THE PROBLEM: All records should be reproduced verbatim.
'''
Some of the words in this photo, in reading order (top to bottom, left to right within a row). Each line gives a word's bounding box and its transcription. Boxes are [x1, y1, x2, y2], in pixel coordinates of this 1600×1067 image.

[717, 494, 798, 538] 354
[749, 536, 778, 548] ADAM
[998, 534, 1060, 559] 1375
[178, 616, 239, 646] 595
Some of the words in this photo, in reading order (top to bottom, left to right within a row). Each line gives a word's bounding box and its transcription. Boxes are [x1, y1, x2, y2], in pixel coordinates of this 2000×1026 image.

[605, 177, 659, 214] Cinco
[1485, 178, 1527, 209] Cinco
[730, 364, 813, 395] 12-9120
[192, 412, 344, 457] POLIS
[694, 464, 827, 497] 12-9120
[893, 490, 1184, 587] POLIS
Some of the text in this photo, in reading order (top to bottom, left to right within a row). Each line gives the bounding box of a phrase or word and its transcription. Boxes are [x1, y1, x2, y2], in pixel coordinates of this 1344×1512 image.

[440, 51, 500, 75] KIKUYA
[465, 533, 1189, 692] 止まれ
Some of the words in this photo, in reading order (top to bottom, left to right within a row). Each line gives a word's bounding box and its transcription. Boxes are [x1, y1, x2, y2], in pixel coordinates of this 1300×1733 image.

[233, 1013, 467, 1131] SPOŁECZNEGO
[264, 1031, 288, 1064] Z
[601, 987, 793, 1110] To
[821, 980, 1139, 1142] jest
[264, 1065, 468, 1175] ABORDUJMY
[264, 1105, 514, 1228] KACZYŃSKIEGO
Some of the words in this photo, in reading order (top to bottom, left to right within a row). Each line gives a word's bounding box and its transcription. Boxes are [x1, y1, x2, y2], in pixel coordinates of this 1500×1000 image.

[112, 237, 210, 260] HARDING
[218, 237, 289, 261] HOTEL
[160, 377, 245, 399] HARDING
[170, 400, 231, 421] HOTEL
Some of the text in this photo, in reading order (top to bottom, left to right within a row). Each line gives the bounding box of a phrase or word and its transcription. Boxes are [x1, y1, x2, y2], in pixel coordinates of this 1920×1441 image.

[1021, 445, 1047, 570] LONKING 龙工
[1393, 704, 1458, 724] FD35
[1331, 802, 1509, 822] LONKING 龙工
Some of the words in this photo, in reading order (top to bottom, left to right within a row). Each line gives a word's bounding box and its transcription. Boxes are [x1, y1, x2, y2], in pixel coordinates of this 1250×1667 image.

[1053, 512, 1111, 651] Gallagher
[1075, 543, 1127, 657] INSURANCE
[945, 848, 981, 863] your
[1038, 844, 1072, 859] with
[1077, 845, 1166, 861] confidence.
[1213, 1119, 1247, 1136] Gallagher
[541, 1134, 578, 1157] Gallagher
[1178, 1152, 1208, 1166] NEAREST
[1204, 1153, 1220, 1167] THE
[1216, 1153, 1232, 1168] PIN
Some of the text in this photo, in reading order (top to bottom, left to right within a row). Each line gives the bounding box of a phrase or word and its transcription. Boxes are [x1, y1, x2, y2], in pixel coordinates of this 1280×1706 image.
'''
TASK RESULT:
Some of the words in this photo, in reading order (top to bottom, left to right within a row). Each line gives a word's bounding box and its transcription. Boxes are [x1, y1, x2, y2], in pixel coordinates of this 1600×1067 image.

[717, 494, 798, 538] 354
[749, 536, 778, 548] ADAM
[998, 534, 1060, 559] 1375
[178, 616, 239, 646] 595
Some of the words in this photo, in reading order (top to bottom, left to right within a row). Each line gives a word's bounding box and its transcription. Boxes are [x1, y1, x2, y2], in pixel coordinates of this 2000×1026 image.

[605, 177, 659, 214] Cinco
[1485, 178, 1527, 209] Cinco
[730, 364, 813, 395] 12-9120
[192, 412, 344, 457] POLIS
[694, 464, 827, 497] 12-9120
[893, 490, 1184, 587] POLIS
Some of the text in this photo, in reading order (top to bottom, left to right within a row). Each line gives the bounding box of a phrase or word and its transcription. Boxes are [x1, y1, x2, y2], in pixel coordinates of this 1344×1512 image.

[440, 51, 500, 75] KIKUYA
[465, 533, 1189, 692] 止まれ
Some of the words in this photo, in reading order (top to bottom, left to right within a row). Each line gives a word's bounding box and its transcription. Boxes are [x1, y1, x2, y2], in pixel coordinates of this 1300×1733 image.

[233, 1013, 467, 1131] SPOŁECZNEGO
[264, 1031, 288, 1064] Z
[601, 987, 793, 1110] To
[821, 980, 1139, 1142] jest
[264, 1065, 468, 1175] ABORDUJMY
[264, 1105, 514, 1228] KACZYŃSKIEGO
Some of the words in this photo, in reading order (top to bottom, left to right within a row). Each line gives a word's bounding box and its transcription. Boxes are [x1, y1, x2, y2], in pixel coordinates of this 1500×1000 image.

[112, 237, 210, 260] HARDING
[218, 237, 289, 261] HOTEL
[160, 377, 245, 399] HARDING
[170, 400, 231, 421] HOTEL
Some of the text in this photo, in reading order (top to bottom, left to right within a row). Each line gives the bounding box of a phrase or word and its transcription. Boxes are [x1, y1, x2, y2], in pixel coordinates of this 1920×1441 image.

[1021, 445, 1047, 570] LONKING 龙工
[1393, 704, 1458, 724] FD35
[1331, 802, 1509, 822] LONKING 龙工
Some of the words in this photo, in reading order (top to bottom, left to right within a row). Each line gives a word's bounding box and its transcription. Boxes are [x1, y1, x2, y2], in pixel coordinates of this 1250×1667 image.

[1053, 512, 1111, 651] Gallagher
[1075, 543, 1127, 657] INSURANCE
[945, 848, 981, 863] your
[1038, 844, 1072, 859] with
[1077, 845, 1166, 861] confidence.
[1213, 1119, 1247, 1136] Gallagher
[541, 1134, 578, 1157] Gallagher
[1178, 1152, 1208, 1166] NEAREST
[1204, 1153, 1220, 1167] THE
[1216, 1153, 1232, 1168] PIN
Some of the text in this photo, in reading order (top to bottom, left to right within a row). Each line gives the bounding box of a phrase or word and its transcription. Boxes are [x1, y1, x2, y2], in pixel coordinates of this 1280×1706 image.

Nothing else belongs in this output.